Sinon pas de problème de lecture, tout était parfaitement fluide et compréhensible.
A bientôt !
Merci de ton retour; content que tu apprécies le chapitre!
Je ne sais pas si tu t'es mise à hésiter à me challenger sur les passages qui te semblaient moins clairs ou réussis, mais ces challenges me forçaient à réfléchir pour être certain que mon choix était le bon. Ils étaient les bienvenus et le seraient toujours.
Cléooo et toi avez toutes deux des interrogations légitimes sur le personnage de Médée. Je suis content de ne pas y répondre aujourd'hui... Mouahaha :P
Je suis assez heureux que Cléooo et toi ayez deux lectures différentes du passage concernant la "descente" sur la troisième plateforme. Pour moi, l'important n'est pas que vous en fassiez la même lecture maintenant, mais que vous fassiez la même le jour où vous aurez toutes les informations en main. Ça laisse de l'espace pour théoriser jusque là et le lecteur actif est plus intéressé par la suite que le lecteur passif.
Concernant Médée qui se ferme, comme je disais à Cléooo, une phrase de Boucher (identique, même phrasé) est disparue et ce passage a moins de sens qu'avant. Je dois le changer légèrement.
Merci encore pour ta lecture et à bientôt!
Mais je voulais pas te presser xD
Bon, le personnage de Médée m'intéresse. Elle danse un peu sur la frontière du cliché à mon avis, mais j'aime un cliché quand il est utilisé à bon escient donc cette remarque n'est pas négative.
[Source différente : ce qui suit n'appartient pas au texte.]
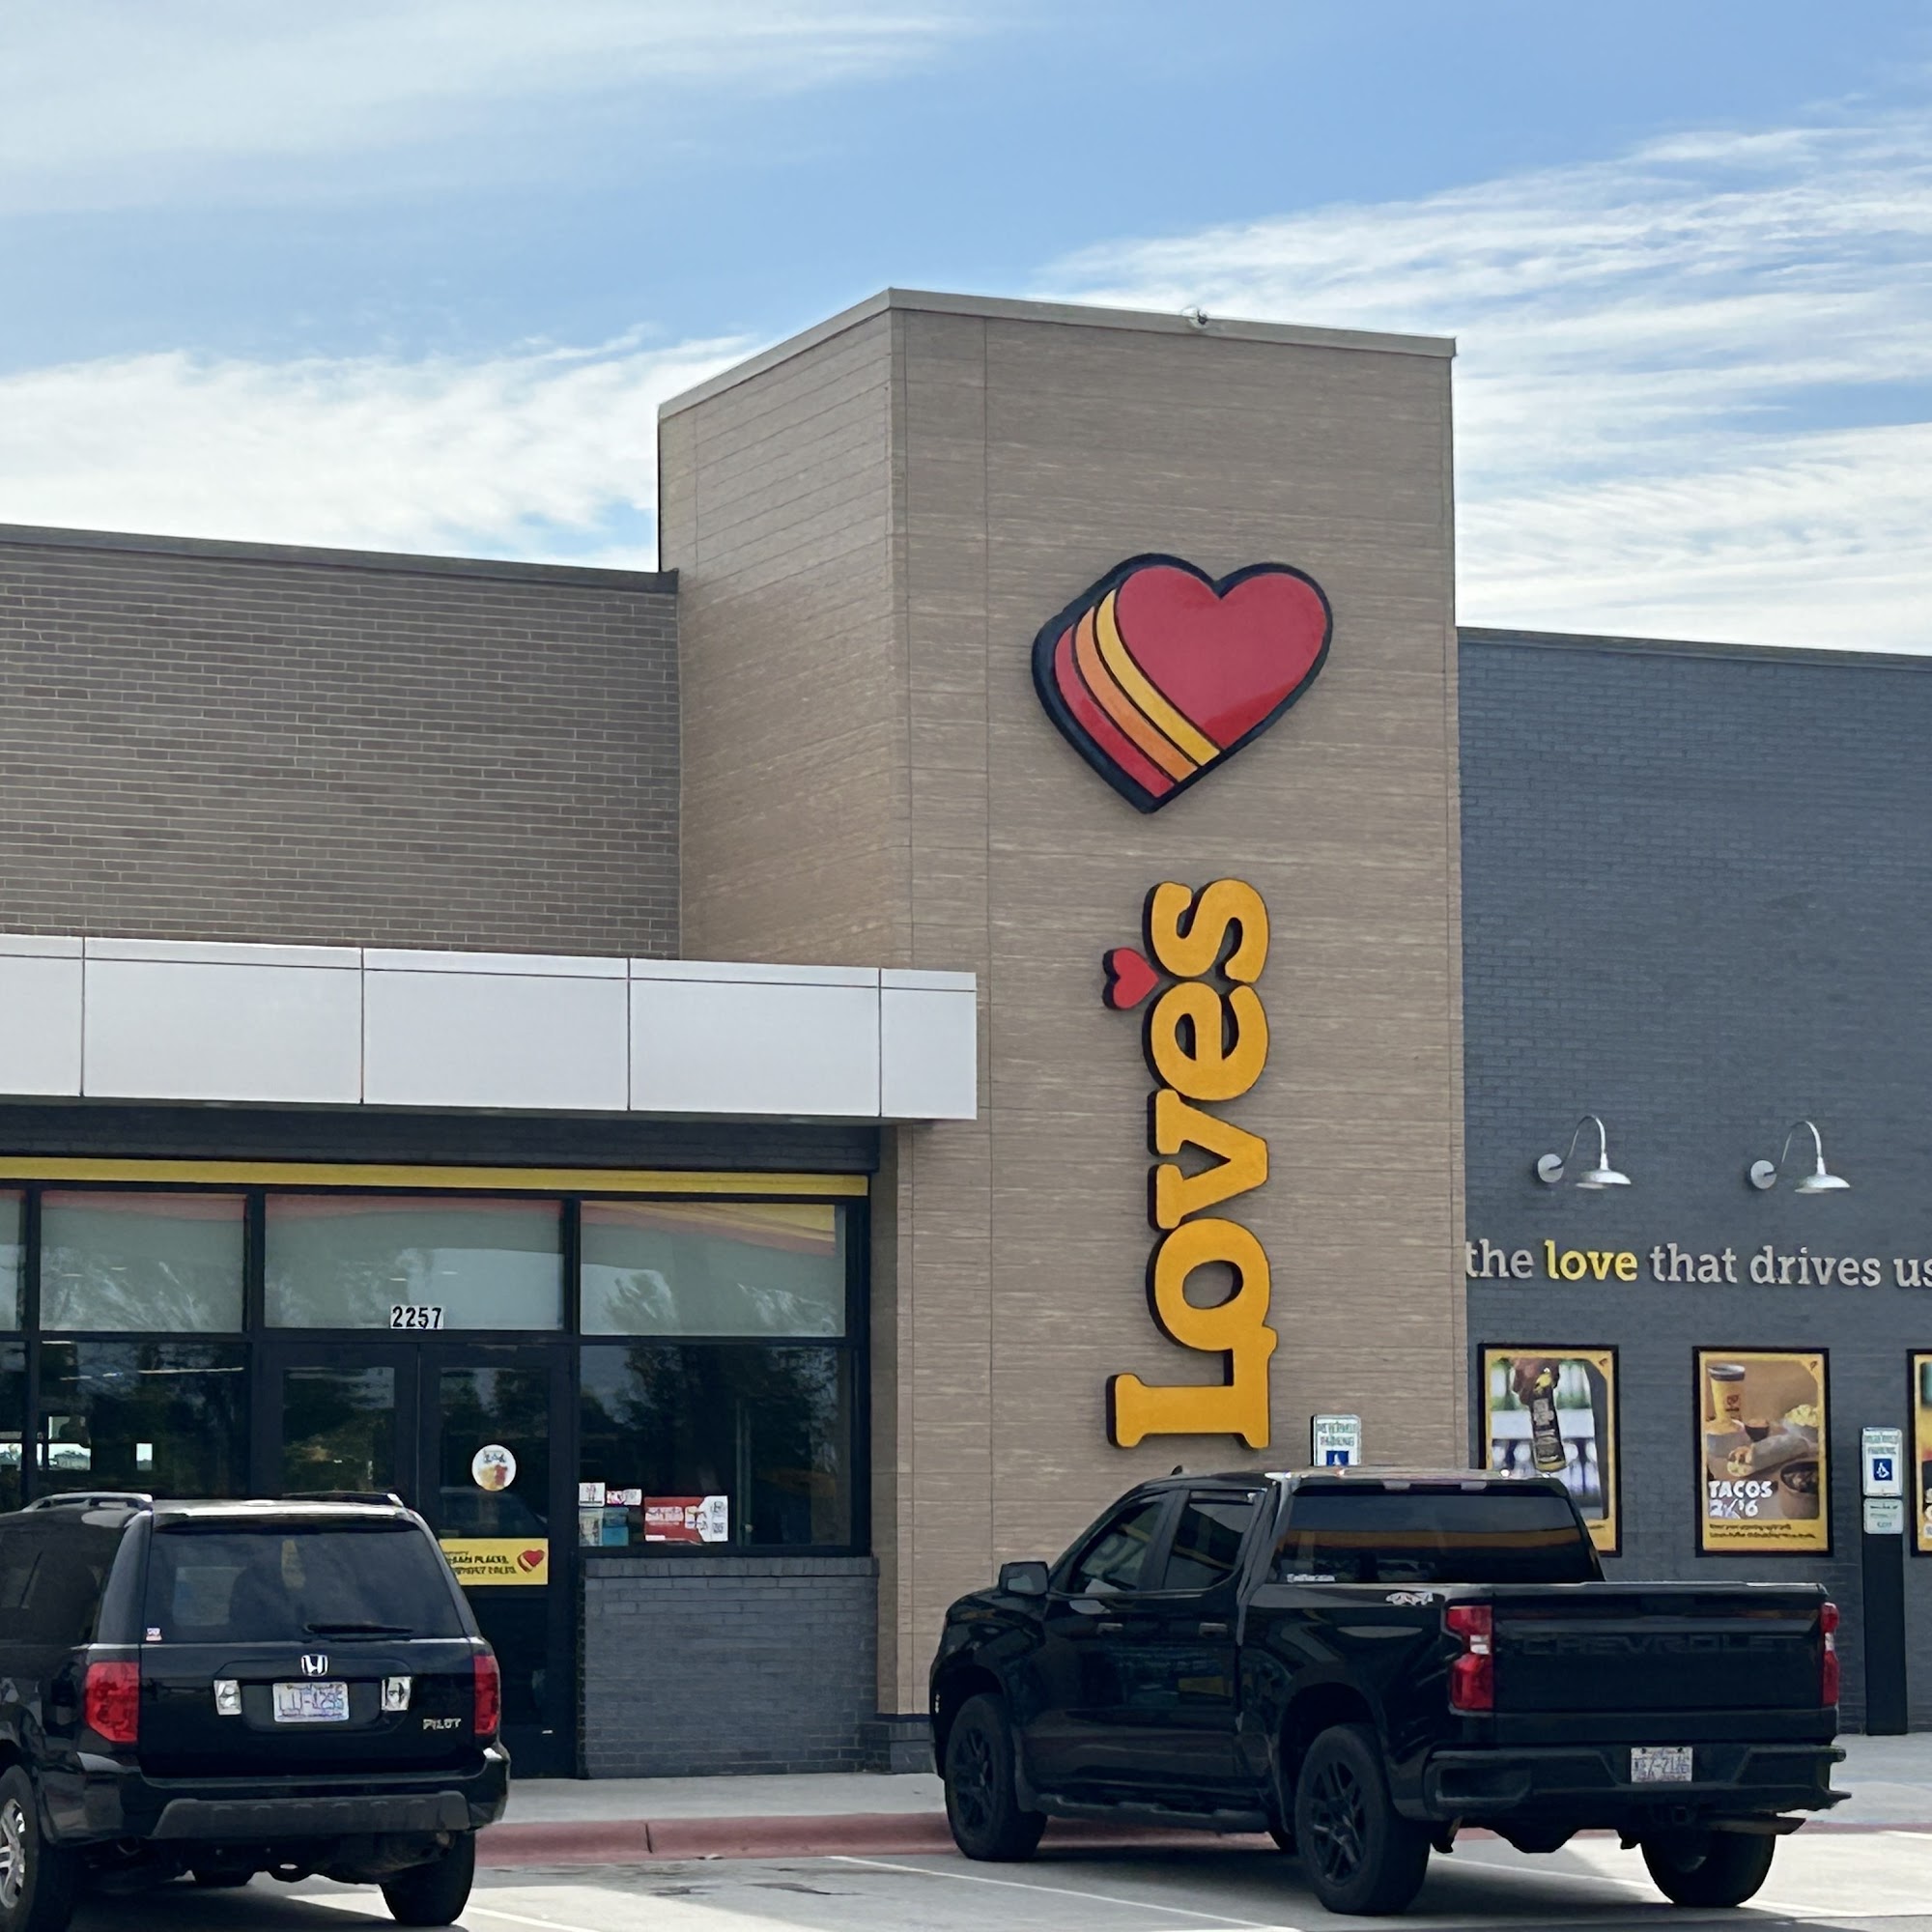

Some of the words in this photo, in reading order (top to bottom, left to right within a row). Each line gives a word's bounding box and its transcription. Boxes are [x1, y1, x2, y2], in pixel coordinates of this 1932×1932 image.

Ses aspirations capricieuses m'inspirent en tout cas, et son froid recul sur sa situation m'impressionne.
Du coup elle m'intéresse. Je me demande si elle s'intéresse sérieusement à Murielle parce qu'elle la trouve au-dessus du lot ou si elle y trouve un intérêt particulier. Sûrement un peu des deux, à voir vers quel côté le curseur sera poussé.
Quelque chose qui me semble un peu se contredire :
"Je serai un poids pour mon père jusqu’à ce qu’il renonce à me trouver un mari d’un rang social convenable. Je devrai travailler. J’ai choisi la police. Les pourboires y sont fameux, paraît-il." -> ici j'entends que son père pourrait lui couper les vivre si elle ne se plie pas au mari convenable.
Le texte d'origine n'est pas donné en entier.